▶ **Prompt**
When you output the records, match them exactly and omit any picture they include.

─── Task inputs

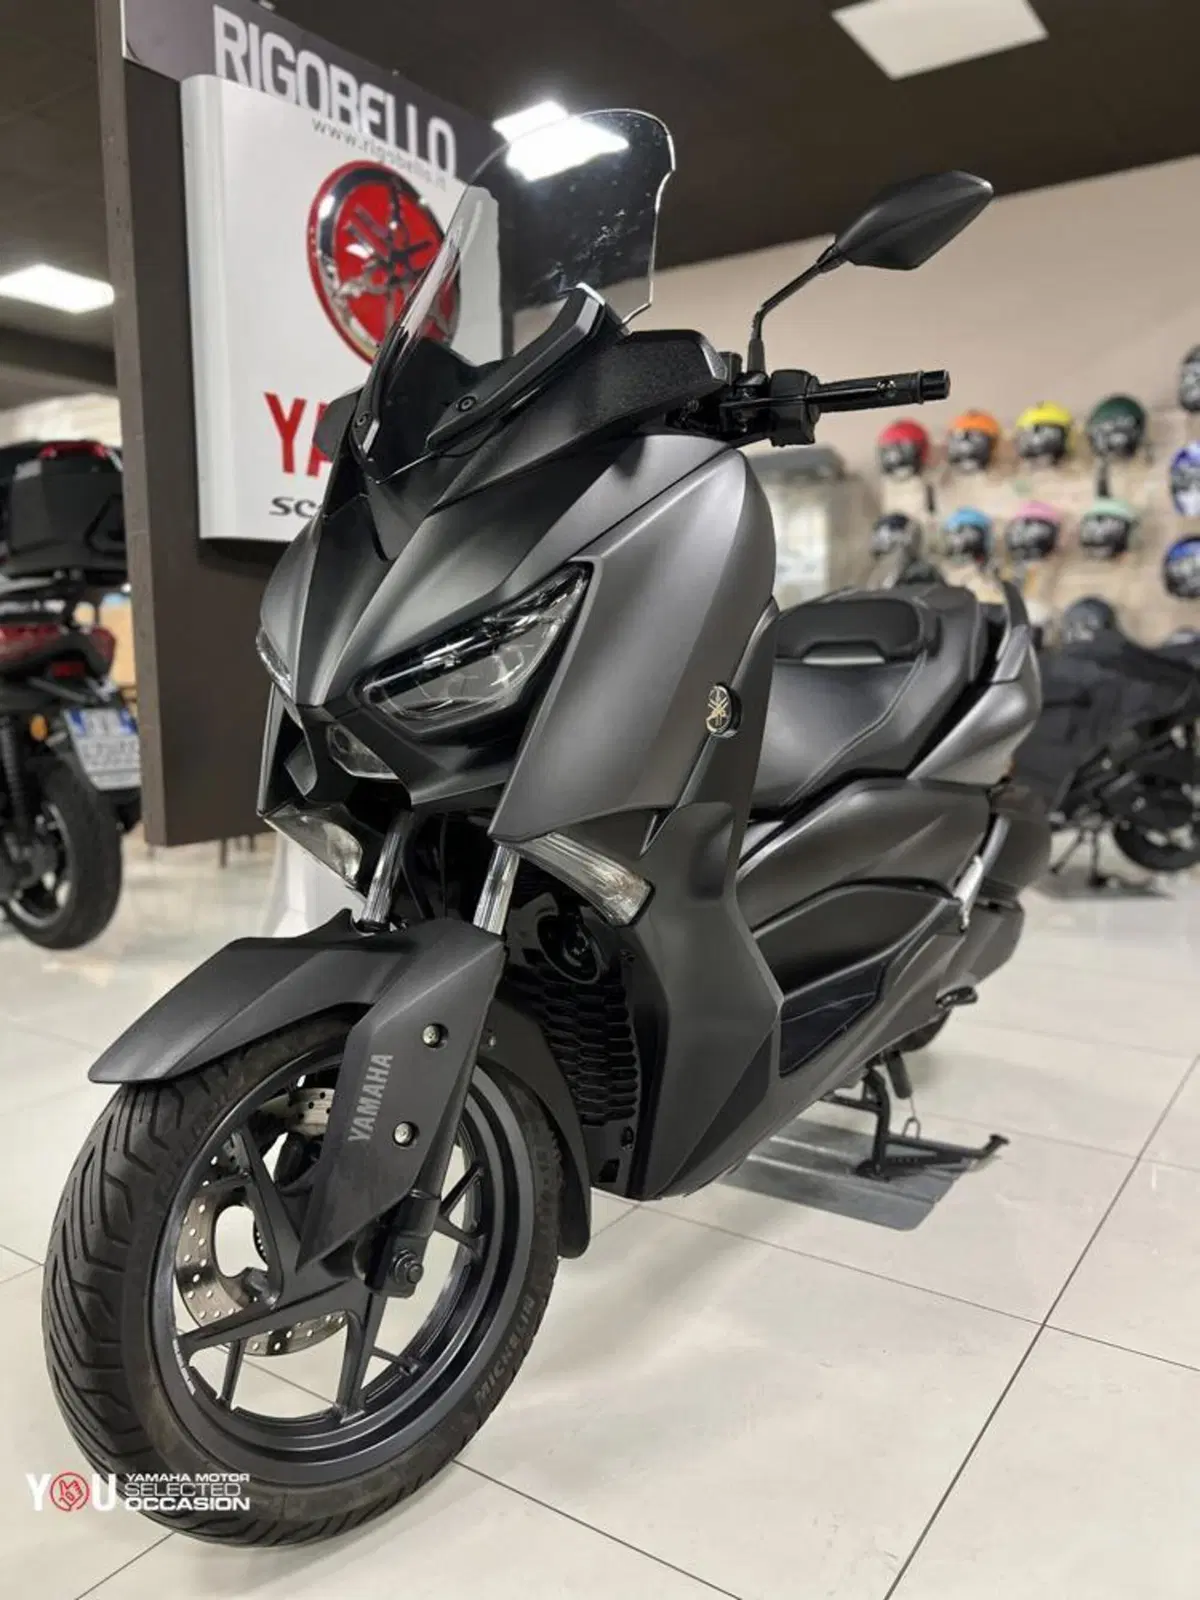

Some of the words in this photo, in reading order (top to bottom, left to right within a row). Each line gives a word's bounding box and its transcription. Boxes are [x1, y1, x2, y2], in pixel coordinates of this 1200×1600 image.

[212, 4, 457, 178] RIGOBELLO
[268, 496, 322, 518] SC
[347, 1054, 394, 1141] YAMAHA
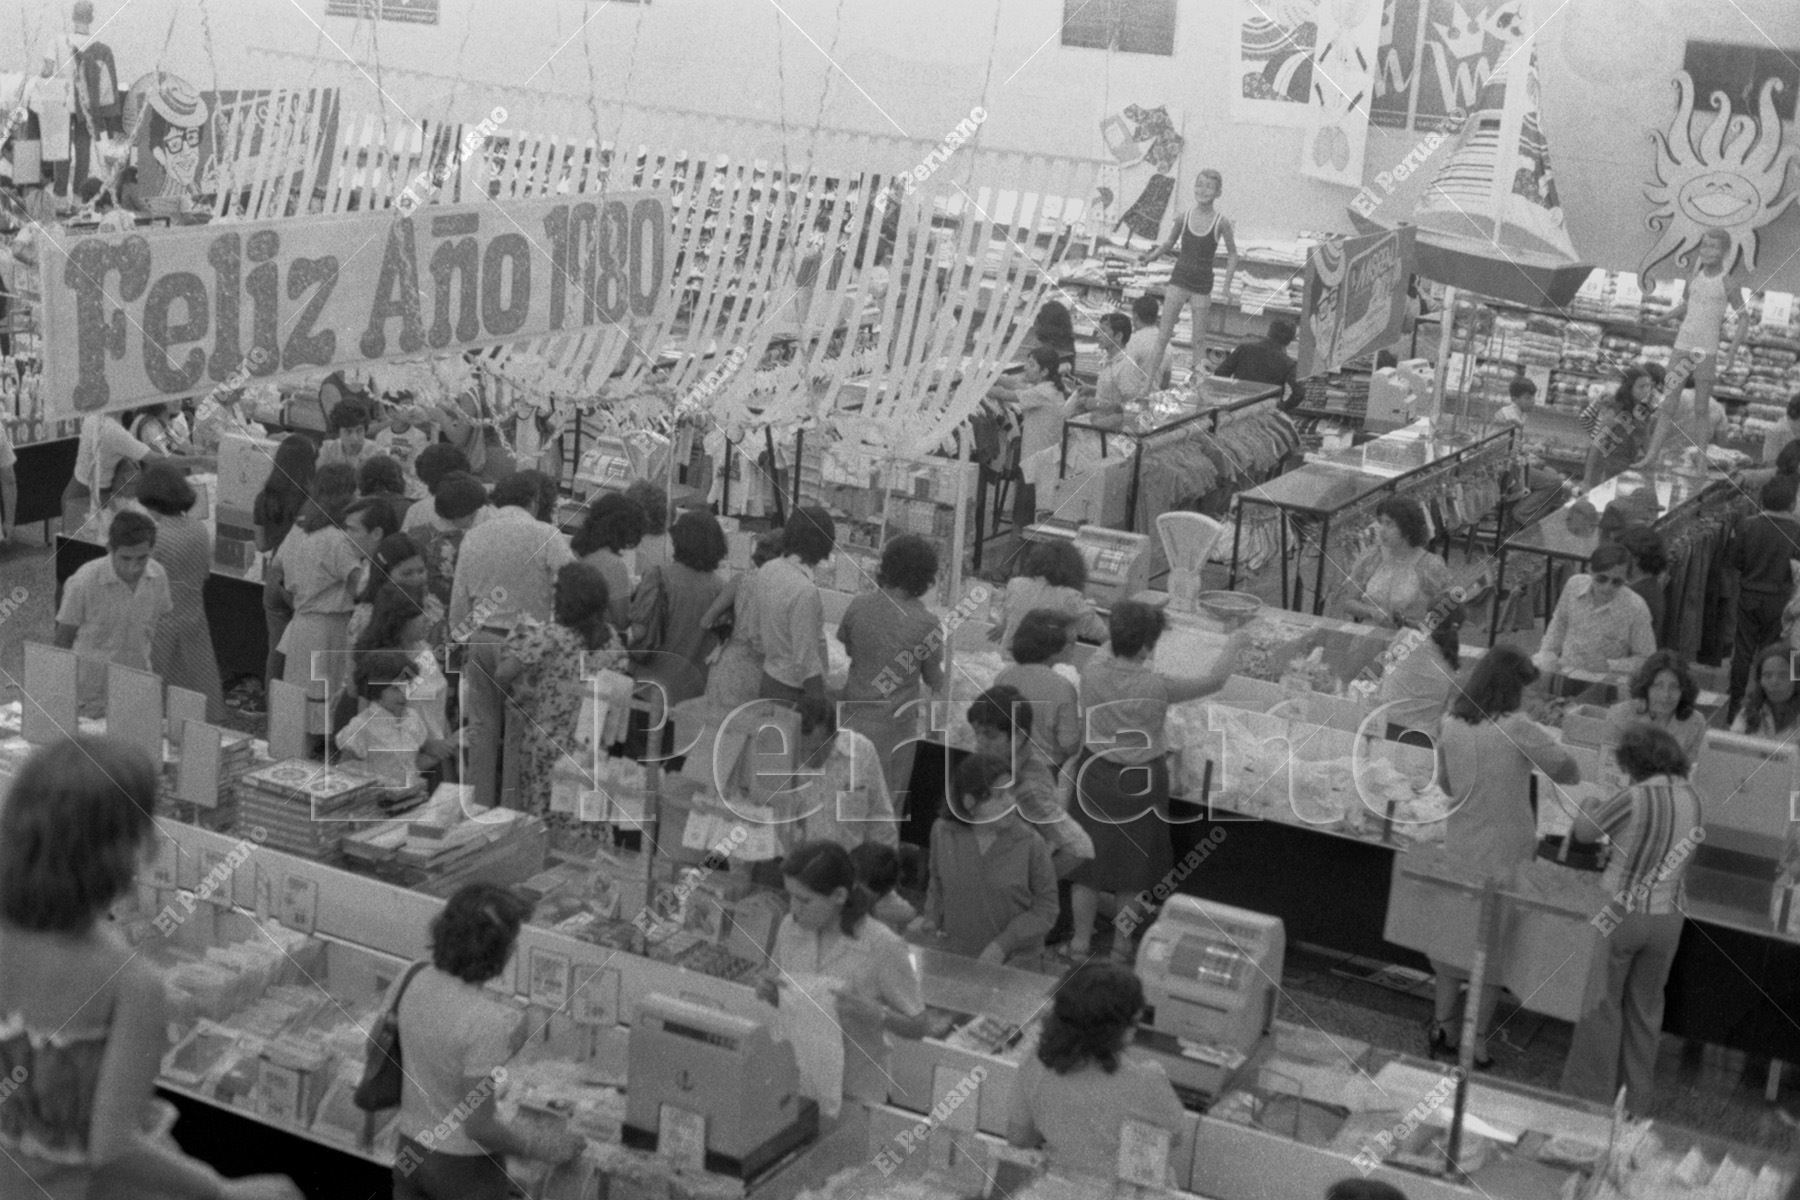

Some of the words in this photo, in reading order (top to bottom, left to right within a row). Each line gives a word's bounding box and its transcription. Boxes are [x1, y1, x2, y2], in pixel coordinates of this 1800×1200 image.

[64, 229, 339, 413] Feliz
[359, 212, 533, 359] Año
[543, 199, 665, 330] 1980
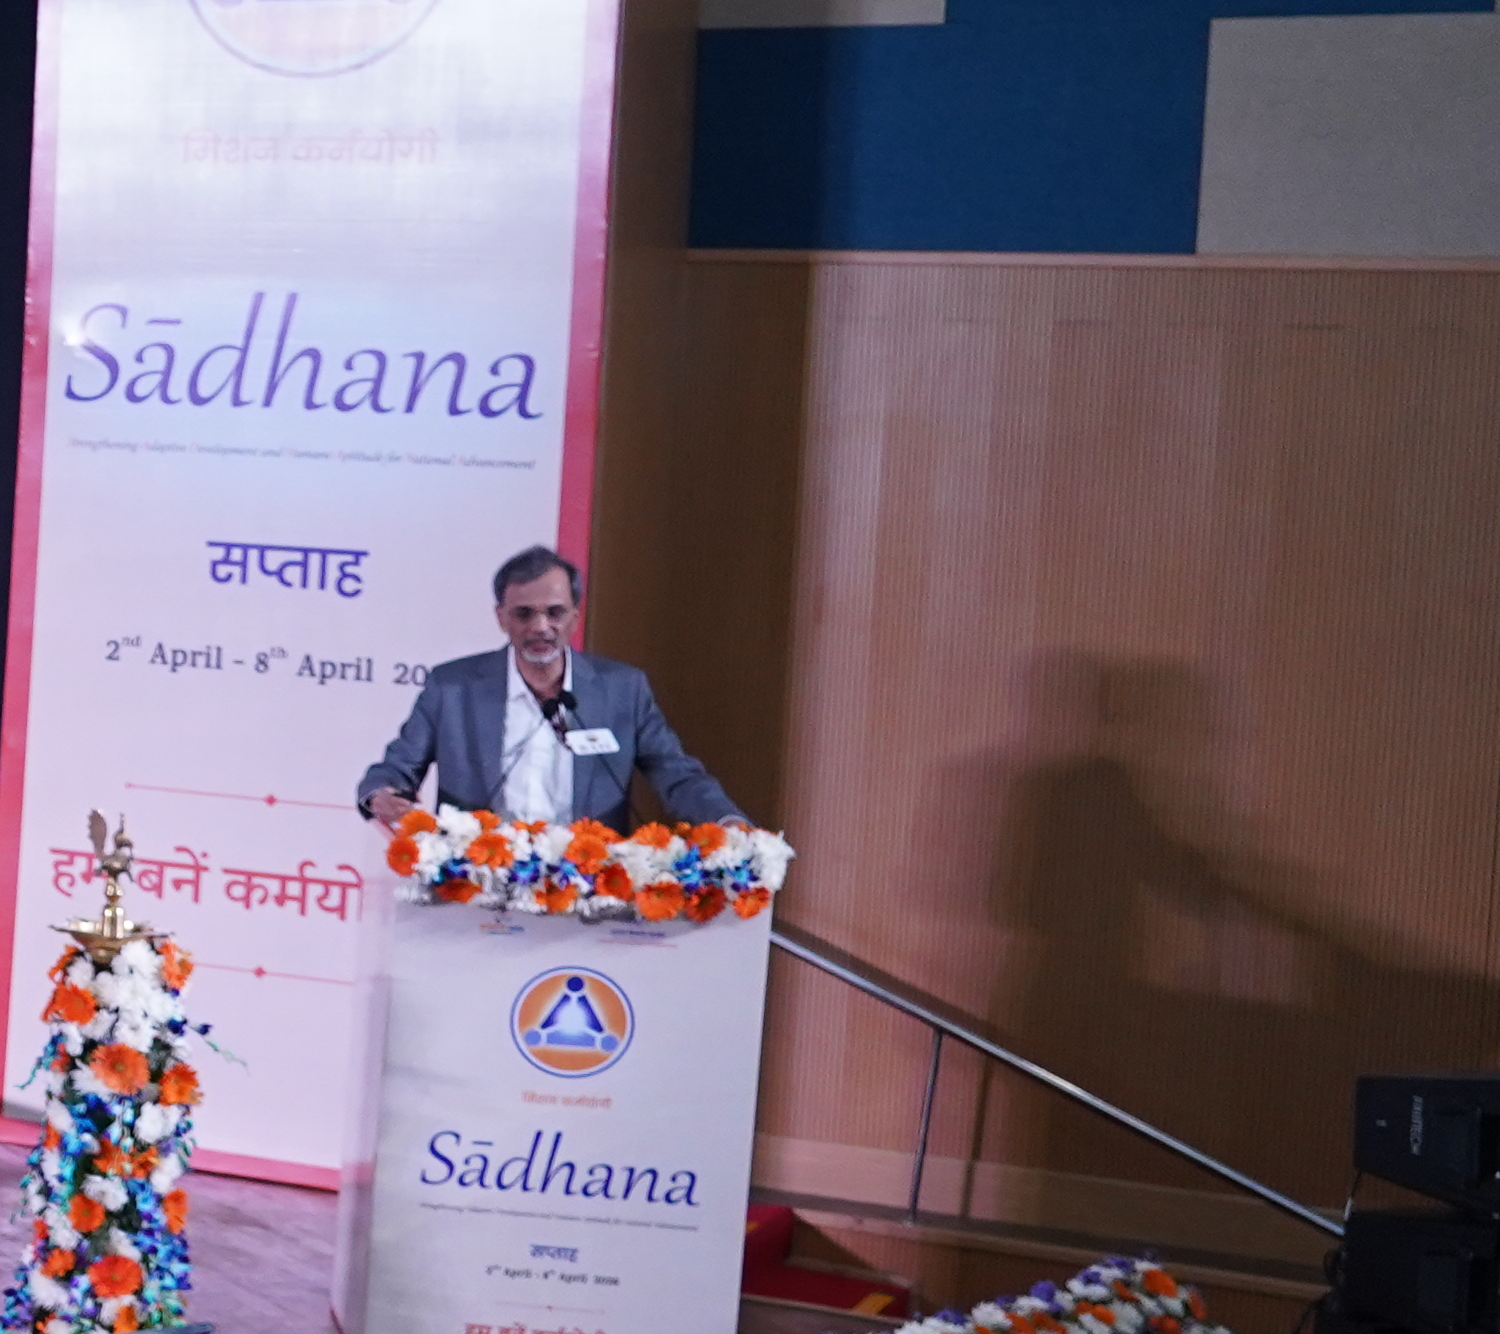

──────

▶ **Reply**
Some of the words in this photo, in reading order (top to bottom, left to right within a row). Each line gives a word's bounding box and its transcription. Boxes are [x1, y1, x2, y2], in pixel coordinates of this 1200×1600 image.

[212, 4, 457, 178] RIGOBELLO
[268, 496, 322, 518] SC
[347, 1054, 394, 1141] YAMAHA

Some of the words in this photo, in reading order (top to bottom, left to right within a row). Each line gives a word's bounding box and its transcription. Boxes are [x1, y1, x2, y2], in pixel coordinates of this 1800×1200 image.

[64, 229, 339, 413] Feliz
[359, 212, 533, 359] Año
[543, 199, 665, 330] 1980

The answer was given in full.